Critics argue that these “ghar wapsi” events violate the religious freedom and autonomy of individuals and communities. They accuse the Sangh Parivar of engaging in tactics like those they condemn in Christian missionary activities. The Indian government has proposed passing an anti-conversion law, which the United Nations has warned is used to repress Christians and infringe on religious freedom. In 2022, India’s Supreme Court determined that forced conversions posed a serious threat to freedom of religion and conscience, and it called for government intervention. The court issued a statement clarifying that while they did not oppose conversion, forced conversions were deemed a violation of the constitution. 

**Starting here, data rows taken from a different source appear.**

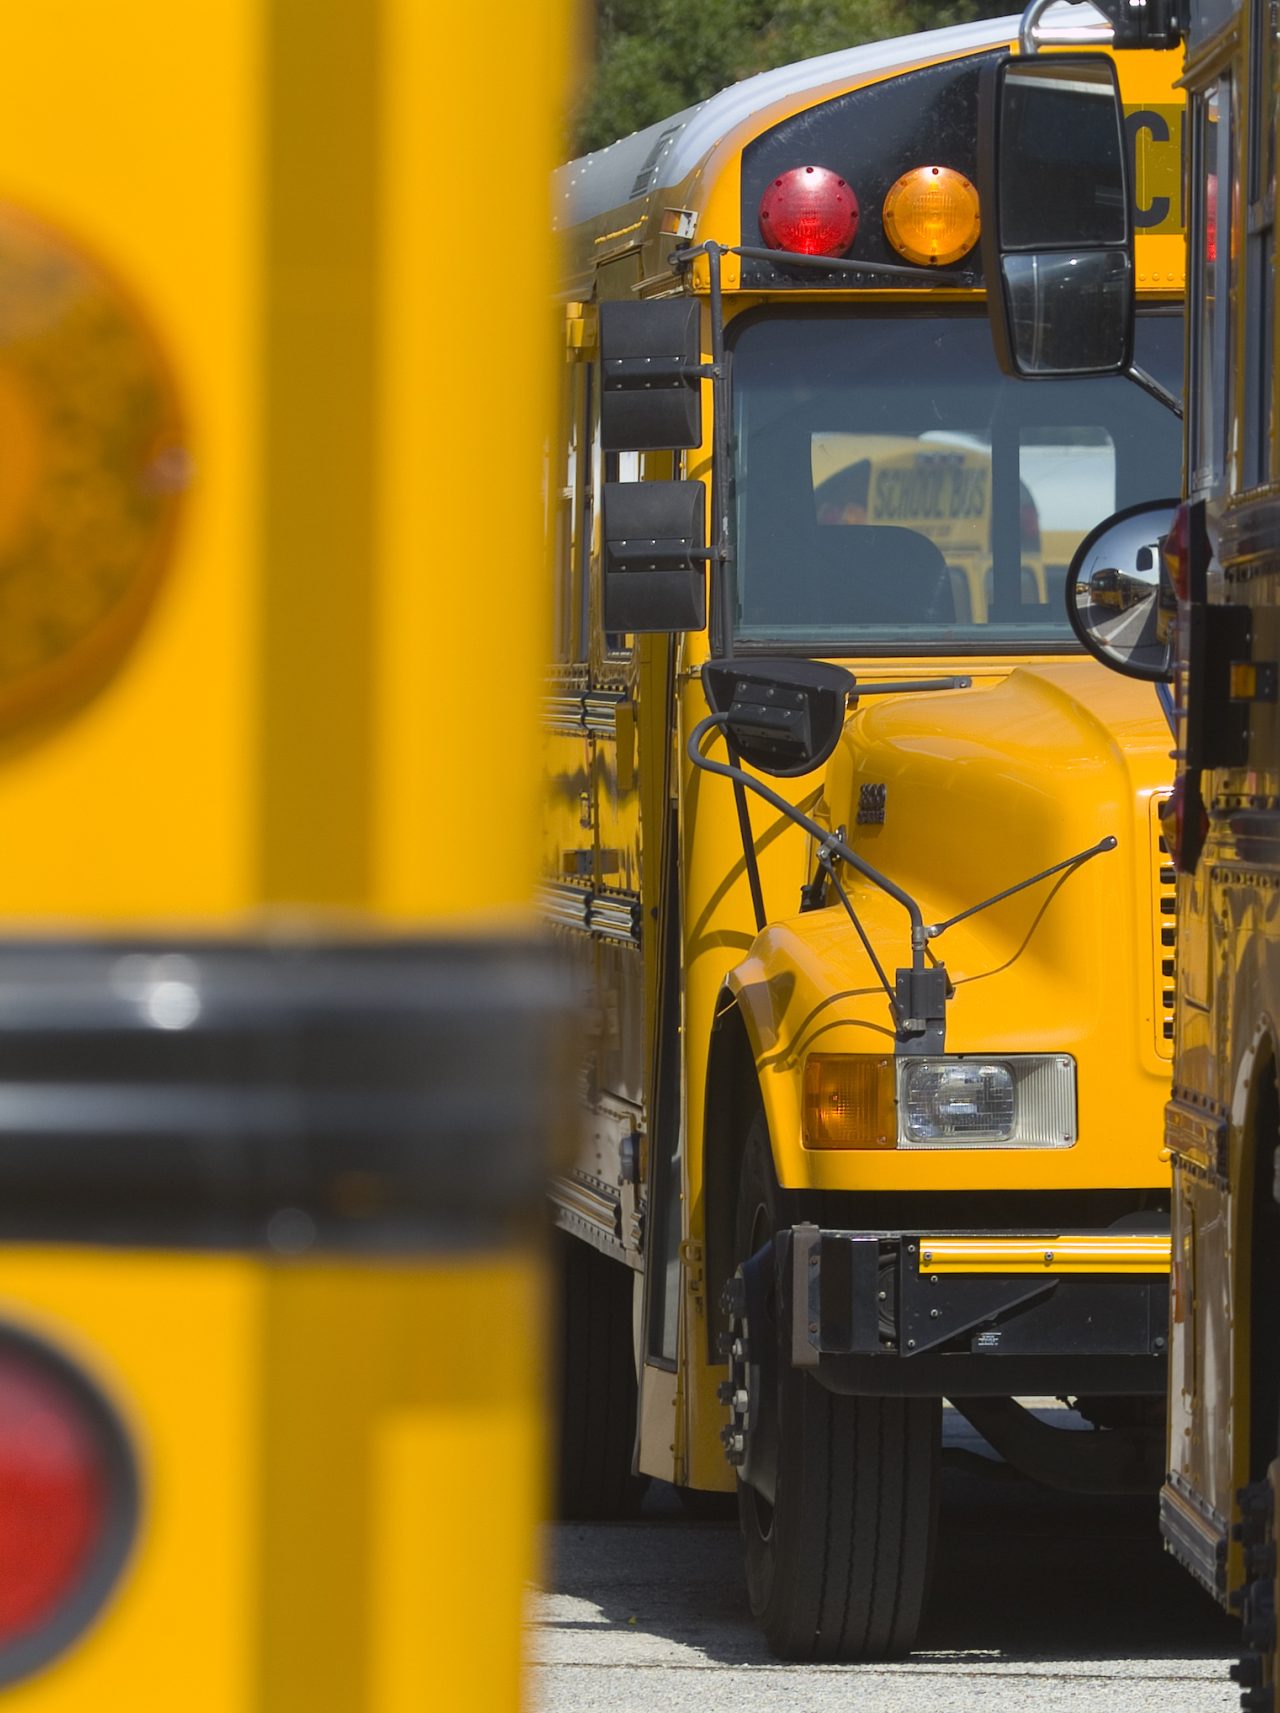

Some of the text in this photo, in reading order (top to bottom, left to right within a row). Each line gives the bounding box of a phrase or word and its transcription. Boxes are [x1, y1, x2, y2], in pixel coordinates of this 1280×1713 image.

[1124, 110, 1186, 228] C
[874, 465, 985, 519] SCHOOL BUS
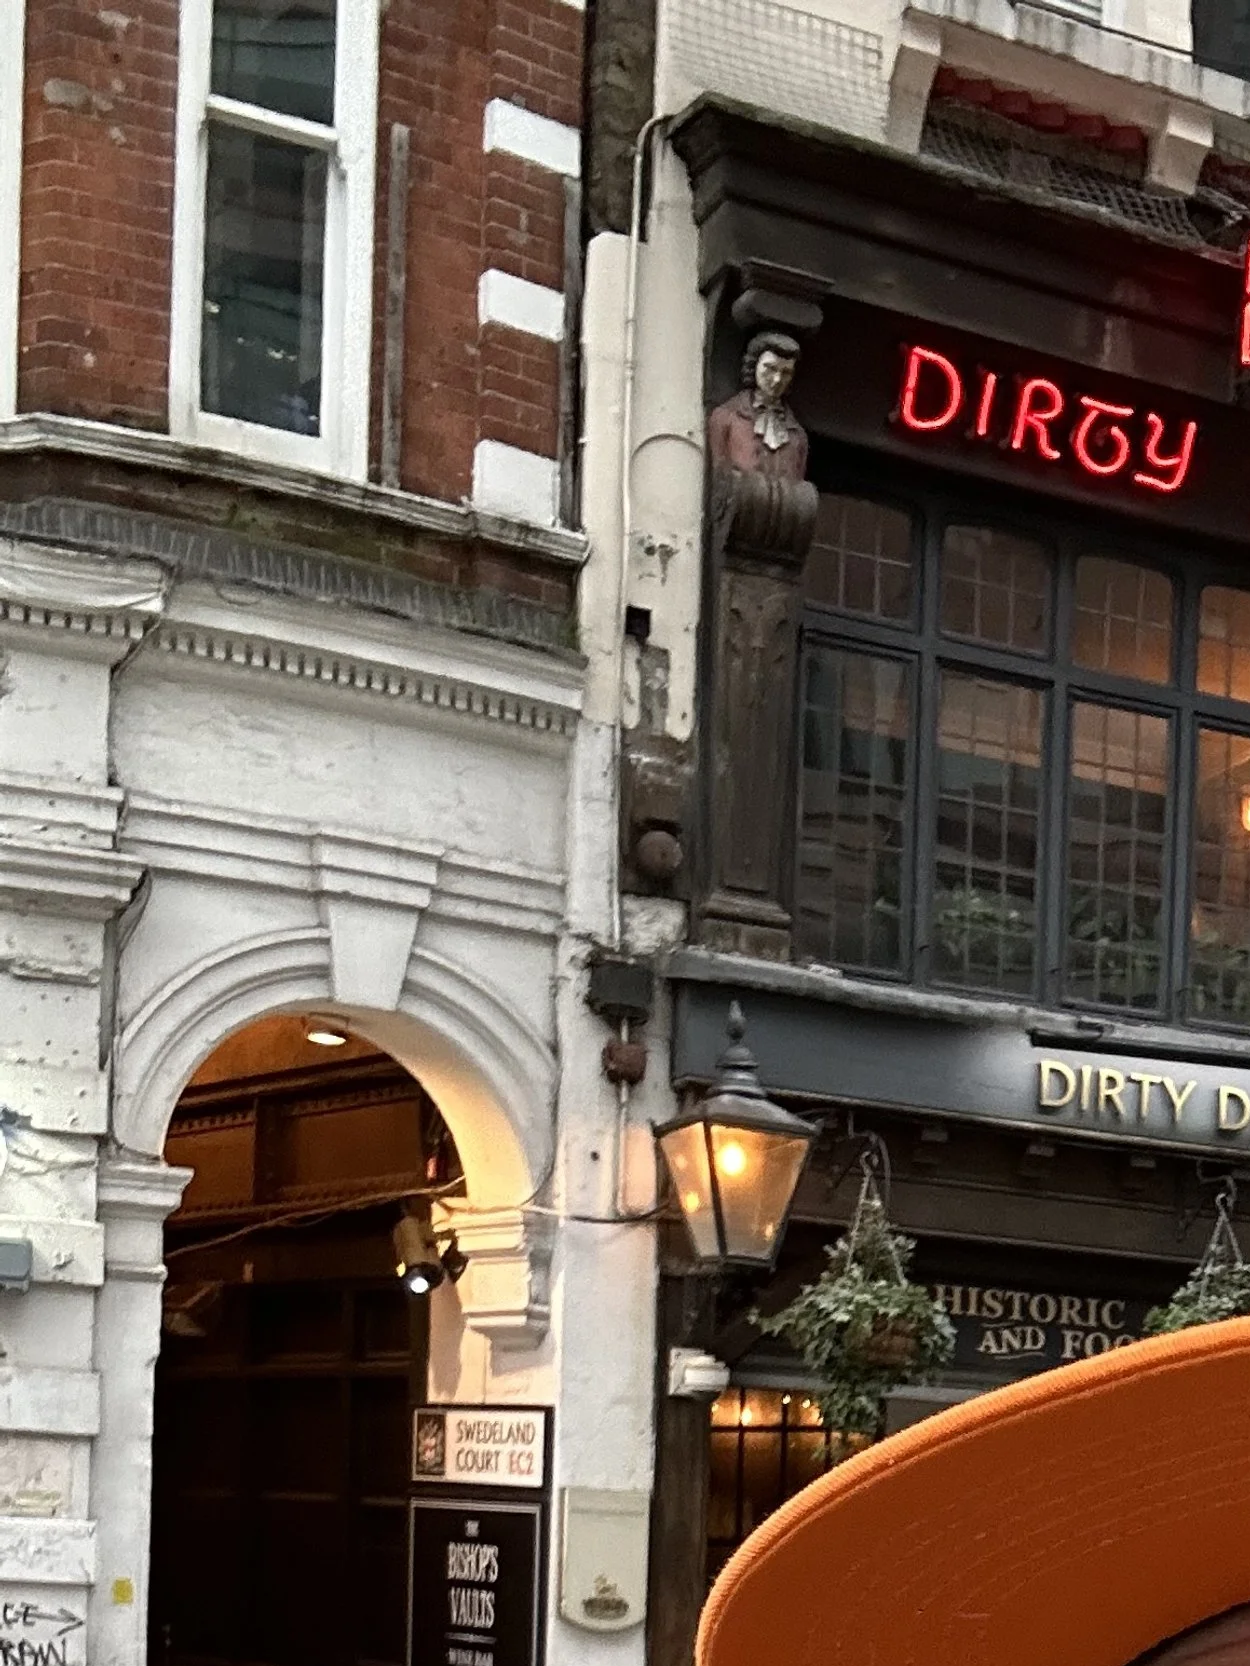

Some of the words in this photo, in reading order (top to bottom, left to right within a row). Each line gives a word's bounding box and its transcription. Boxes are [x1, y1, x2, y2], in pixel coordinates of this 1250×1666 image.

[1038, 1060, 1197, 1123] DIRTY
[936, 1284, 1126, 1330] HISTORIC
[977, 1326, 1046, 1354] AND
[455, 1419, 536, 1445] SWEDELAND
[456, 1447, 501, 1473] COURT
[508, 1449, 535, 1475] EC2
[449, 1586, 496, 1628] VAULTS

The members of Sangh Parivar adhere to an ideology of Hindutva, which translates to “Hinduness” or “Hindu-ness.” This nationalist ideology aims to define Indian culture and society based on Hindu values and traditions, emphasizing the concept of India as a Hindu Rashtra, or Hindu nation. They hold the belief that “non-Hindus, such as Muslims and Christians, are considered impure and should leave the country.” 

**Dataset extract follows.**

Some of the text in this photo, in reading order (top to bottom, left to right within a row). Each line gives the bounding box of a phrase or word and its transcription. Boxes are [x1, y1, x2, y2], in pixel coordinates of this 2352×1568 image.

Critics of Hindutva argue that it fosters majoritarianism and religious exclusivism, leading to the marginalization of religious minorities and undermining India’s secular and pluralistic principles. They cite instances of violence and discrimination against religious minorities, as well as efforts to restrict their rights and freedoms, as evidence of the dangers associated with Hindutva ideology. 

Supporters of Hindutva, on the other hand, argue that it represents a legitimate expression of Hindu identity and pride. They assert that it aligns with the principles of democracy and pluralism. They argue that Hindutva is essential to counter what they perceive as the erosion of Hindu culture and values in India and to safeguard the interests of the Hindu majority. 

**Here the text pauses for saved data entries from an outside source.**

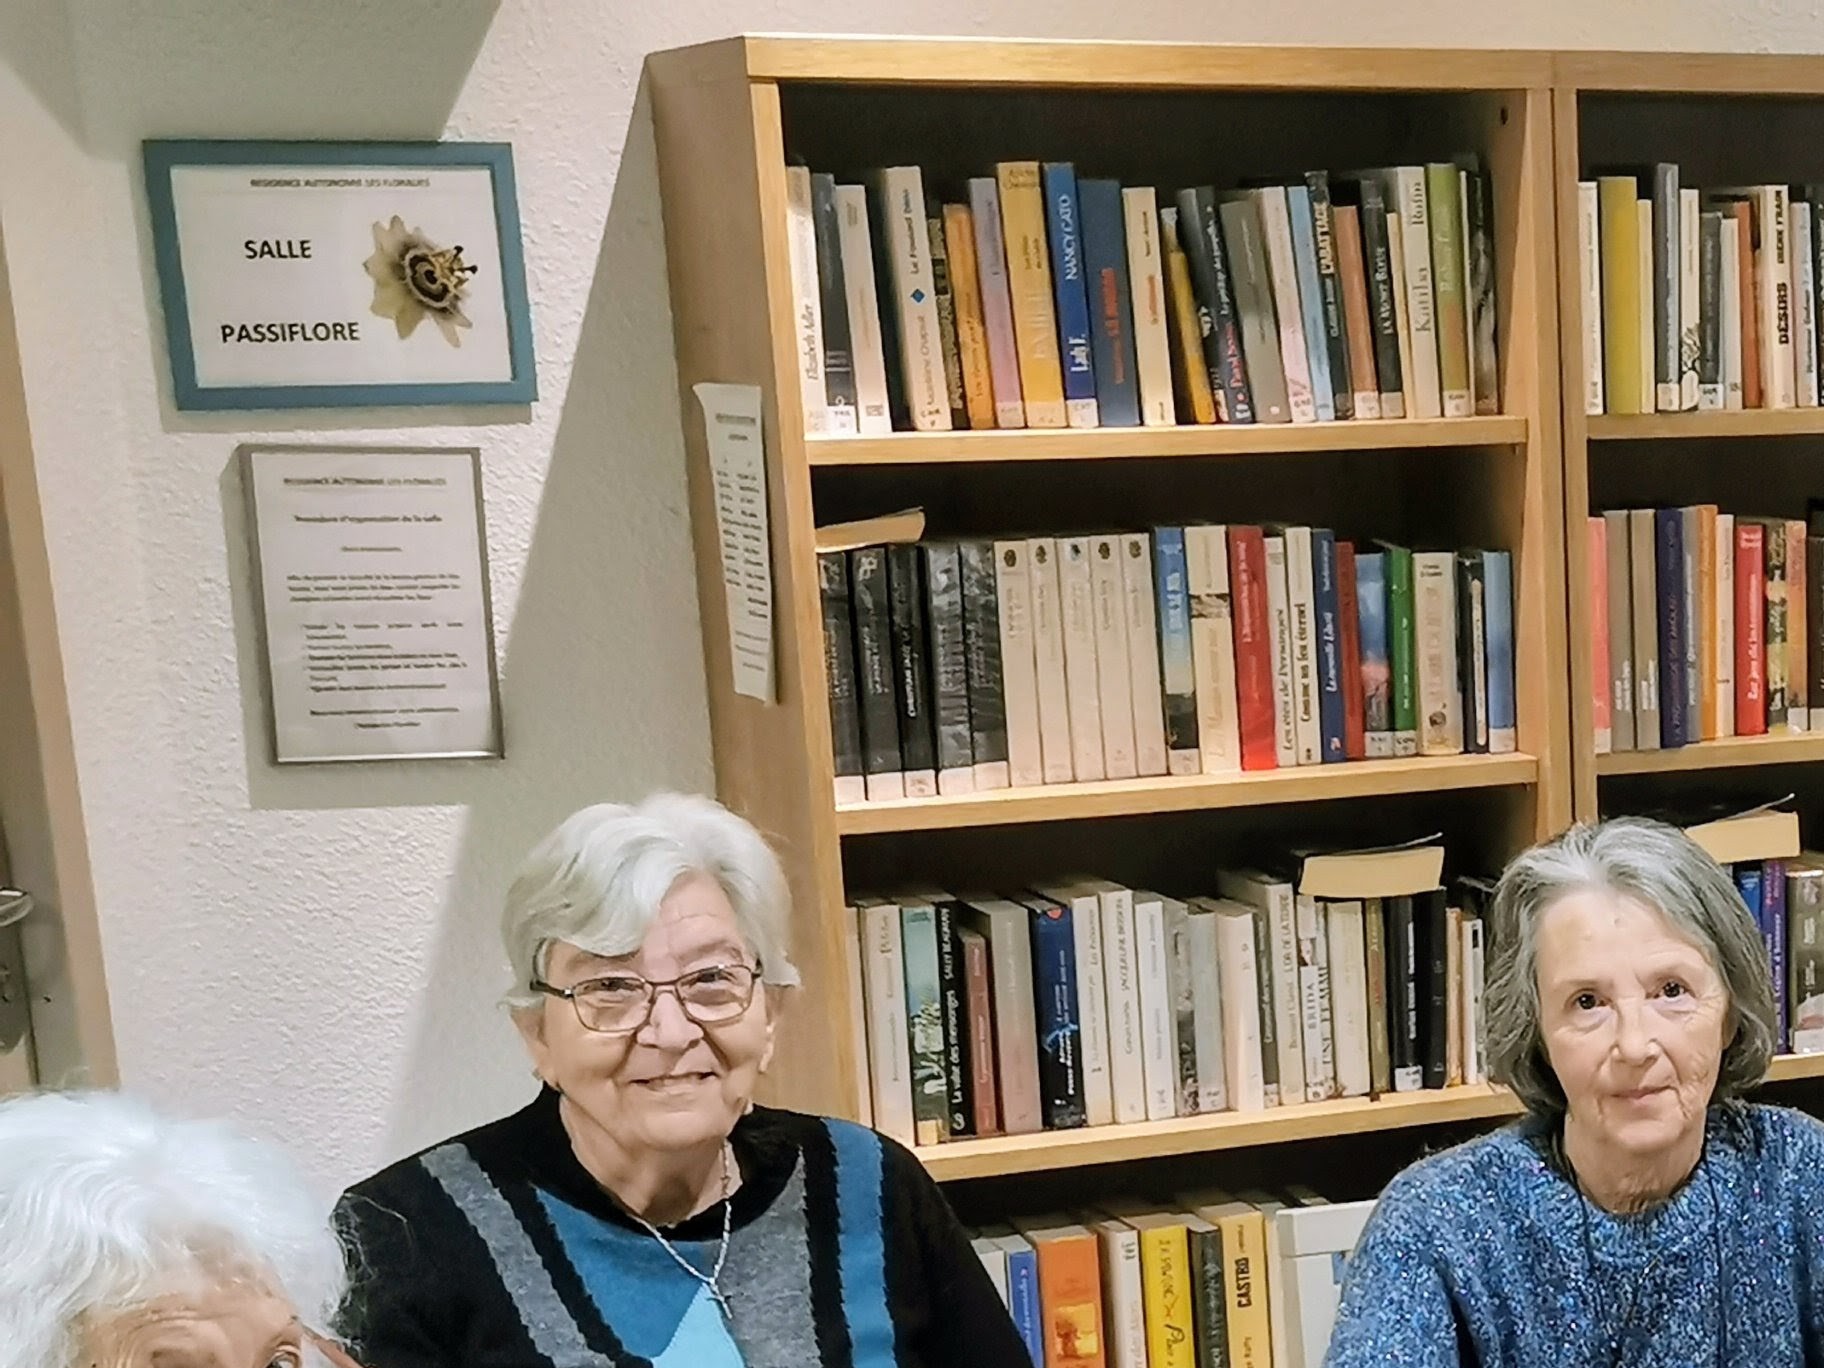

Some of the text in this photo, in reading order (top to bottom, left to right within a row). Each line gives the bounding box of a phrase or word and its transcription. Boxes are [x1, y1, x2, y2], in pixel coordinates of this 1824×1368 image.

[244, 239, 312, 260] SALLE
[1057, 194, 1078, 280] NANCY CATO
[1413, 267, 1432, 333] Katiba
[1775, 282, 1789, 345] DÉSIRS
[221, 321, 361, 345] PASSIFLORE
[1276, 680, 1289, 698] de
[1280, 727, 1293, 750] Les
[945, 990, 959, 1044] mensonges
[1304, 982, 1318, 1030] BRIDA
[948, 1046, 960, 1063] des
[952, 1089, 963, 1103] La
[1235, 1257, 1252, 1308] CASTRO

In response to the forced conversion incident in Raipur, Chhattisgarh, the Archbishop of Raipur expressed concern that it marked the onset of a forced-conversion campaign. He elaborated that in this region, where a significant portion of the population is casteless, Christianity may be seen as appealing because it offers the promise of equality under God. On December 20, the Deputy Chief Minister of Chhattisgarh remarked, “We must stop the conversion of the tribal population in the State. This is a crucial question which must be addressed. We will take all possible measures within the legal framework to stop this.”  

As of last year, legislation criminalizing religious conversion under various circumstances was in place in 12 of India’s 28 states. Ironically, these laws do not interpret ghar wapsi or “re-conversion” to Hinduism as forced conversion and thus offer no protection for Christians. Moreover, the laws are often so broadly written that they are not limited to coercion and may apply to voluntary conversion or the activities of missionaries and evangelists. In some states, converts are required to notify the government of their intent to convert. Additionally, several states have legislation aimed at prohibiting and criminalizing interfaith marriages. In 10 states, couples are required to publicly announce their intended interfaith marriage, leading to violent reprisals on multiple occasions. At the national level, interfaith marriages require a 30-day notice period under the Special Marriage Act. During this period, either party is given the opportunity to back out of the marriage. These laws carry severe penalties, including hefty fines and imprisonment. 

Due to ongoing, sometimes egregious, restrictions on religious freedom, the United States Commission on International Religious Freedom (USCIRF) has asked the U.S. government to designate India as a country of particular concern (CPC). Only time will tell how long India’s value as an economic and geo-strategic partner will lead the West to turn a blind eye to religious persecution there.